Thursday, February 02, 2023

TALKING TO THE MOON

 Bruno Mars! Yes, you got it correct. It is his song. I tried to understand the main message of the song. Ah...missing someone. Every night, he misses the girl. He then sits by himself and talks to the moon.

 This title came across my mind as I was sitting in the car while my daughter was driving. The radio was on, but the sound was just a background of an empty silence that occupied the air. I told her what I had been facing lately...I turned to be so forgetful and sometimes I stood in front of the fridge not knowing what to do. She focused on the traffic. Of course she has to... who doesn't. The silence was back again. 

Then I brought up a topic about our family. I told  her that her sister was a bit bizarre this morning for no reason. She nodded gently and no word came out of her mouth. I began to feel a bit offended...not really offended actually but hurt to be precise. 

My mind was working very hard to find a topic that might be of her interest. But I got  stuck... and let the emptiness dangle and sway around my  hollow heart. The music which had been the background of our being together, then appeared as a leading focus. The sound of Bruno Mars was there...hey...that's me. I might be talking to the moon... 
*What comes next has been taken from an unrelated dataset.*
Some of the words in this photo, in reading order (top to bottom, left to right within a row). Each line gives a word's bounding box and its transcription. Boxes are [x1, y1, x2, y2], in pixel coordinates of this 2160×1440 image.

Thursday, January 26, 2023

THE BURN NETTLE

 One plant that add so much work on my garden is a wild plant called Urtica Dioica. I have to keep on removing them since they grow rapidly and wildly. Wikipedia mention it as common nettle, burn nettle, stinging nettle or nettle leaf, or just a nettle or stinger. It is a herbaceous perennial flowering plant in the family Urticaceae.  After touching the plant, the hair that grows penetrate my skin and stinging sensation immediately appears. The fine hairs on the leaves and stems contain irritating chemicals.  Despite of its benefit that can be used to treat various ailments  when properly prepared, I still do not want to have it grow in my garden.  
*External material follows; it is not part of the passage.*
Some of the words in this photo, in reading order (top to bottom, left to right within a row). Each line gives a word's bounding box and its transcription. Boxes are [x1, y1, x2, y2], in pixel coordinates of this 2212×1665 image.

However my regular  interactions with this plant has brought me to an awareness of its growing behavior. I have some other flowers that I love to have and grow in my garden, wishbone flowers. The leaves are similar to the burn nettle. The nettle plant always grow nearby the wishbone plant. If you don't interact with them on the daily basis, you will hardly notice the difference between them. Another behavior that I observe, the nettle plant tend to hide among the rocks and make it hard for me to notice and remove them. 

I wonder if they both belong to the same family or they have similar growing habit that make them grow on similar spots. I wonder if I would like to spend some time on doing a small research on the benefit of the burn nettle. 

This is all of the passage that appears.